The University of Missouri is no longer covering GLP-1 medications for weight loss under its health insurance plan.
Beginning Jan. 1, 2026, the university stopped covering GLP-1 medications prescribed for conditions other than Type 2 diabetes, including weight loss. The health plan continues to cover GLP-1 medications for the treatment of Type 2 diabetes when prescribed by plan members’ doctors.
Mizzou cited rising insurance premiums as the reason for dropping coverage of those prescriptions.
“As a self-insured organization, the university pays for all health care and prescription costs for plan members. Continuing coverage for GLP-1 medications, outside of diabetes treatment, would have resulted in a 28% increase in insurance premiums for all employees,” said Travis Zimpfer, a spokesperson for the university.
Beyond treating Type 2 diabetes
Wegovy (semaglutide) and Zepbound (tirzepatide) are the most widely prescribed GLP-1 medications approved by the U.S. Food and Drug Administration for chronic weight management.
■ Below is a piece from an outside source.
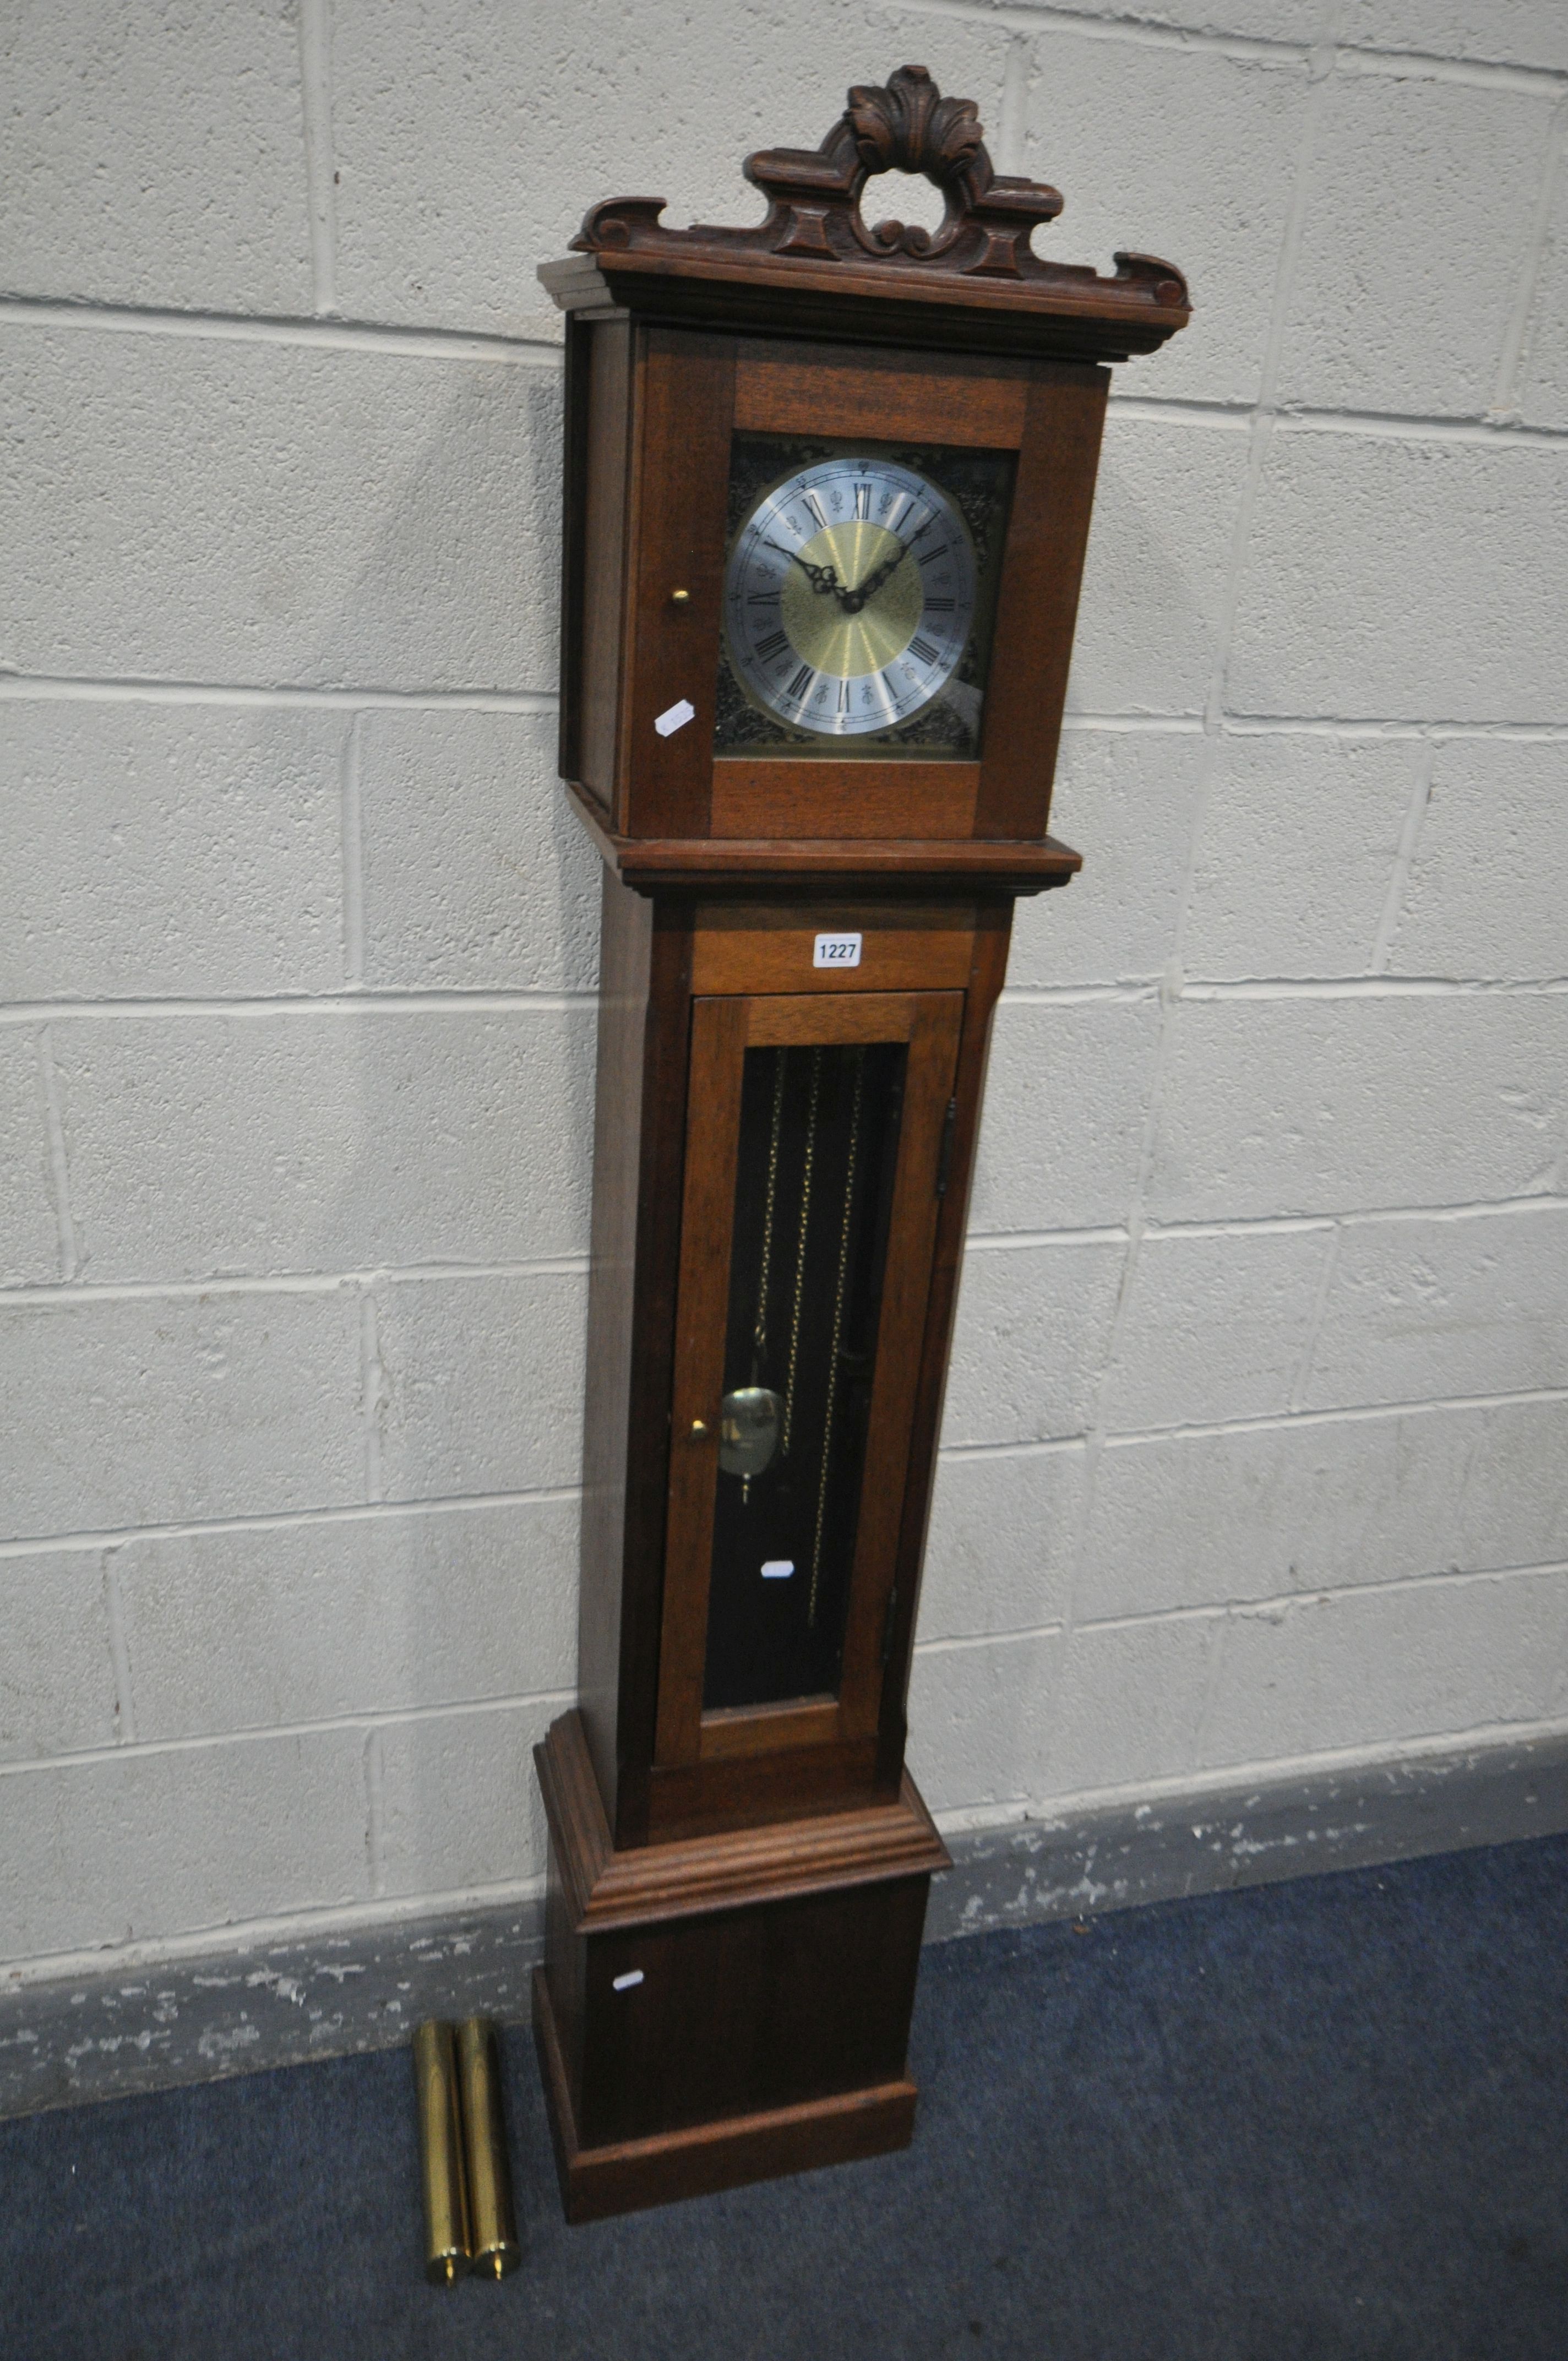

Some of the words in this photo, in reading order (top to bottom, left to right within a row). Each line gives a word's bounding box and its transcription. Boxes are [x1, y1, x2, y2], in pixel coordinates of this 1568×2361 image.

Wegovy targets GLP-1 receptors, while Zepbound targets both GLP-1 and GIP receptors, which can lead to greater weight loss. There are currently no FDA-approved generic versions of either drug, as both remain brand-name medications protected by patents expected to last several more years.
Tricia Temmen, a nurse practitioner at SSM Health Medical Group, said the weight loss patients achieve on GLP-1 medications can improve several aspects of health, including cardiovascular risk, mental health and other obesity-related conditions.
“I feel like it helps with body image and, therefore, depression. We know the cardiovascular benefits of weight loss,” Temmen said. “In the Midwest, generally speaking, we have a lot of people who fall into an obese category, mildly obese. Probably the biggest thing that I have seen more and more of over the last several years is fatty liver disease, and that is what I prescribe GLPs for more than any other reason.”
Fatty liver disease occurs when excess fat builds up in the liver, and it is increasingly recognized as a leading cause of cirrhosis as long-term inflammation and damage can gradually scar the organ.
Approximately 35% of adults in Missouri have obesity, according to a 2025 report from the American Diabetes Association.
Rising demand
Use of GLP-1 medications has surged in the United States in recent years. According to research from JPMorganChase, 9.8 million Americans were taking the drugs in 2025, up from 6.8 million in 2024 and 5.2 million in 2023. The firm estimates that as many as 25 million Americans could be using GLP-1 medications by 2030 as demand continues to grow.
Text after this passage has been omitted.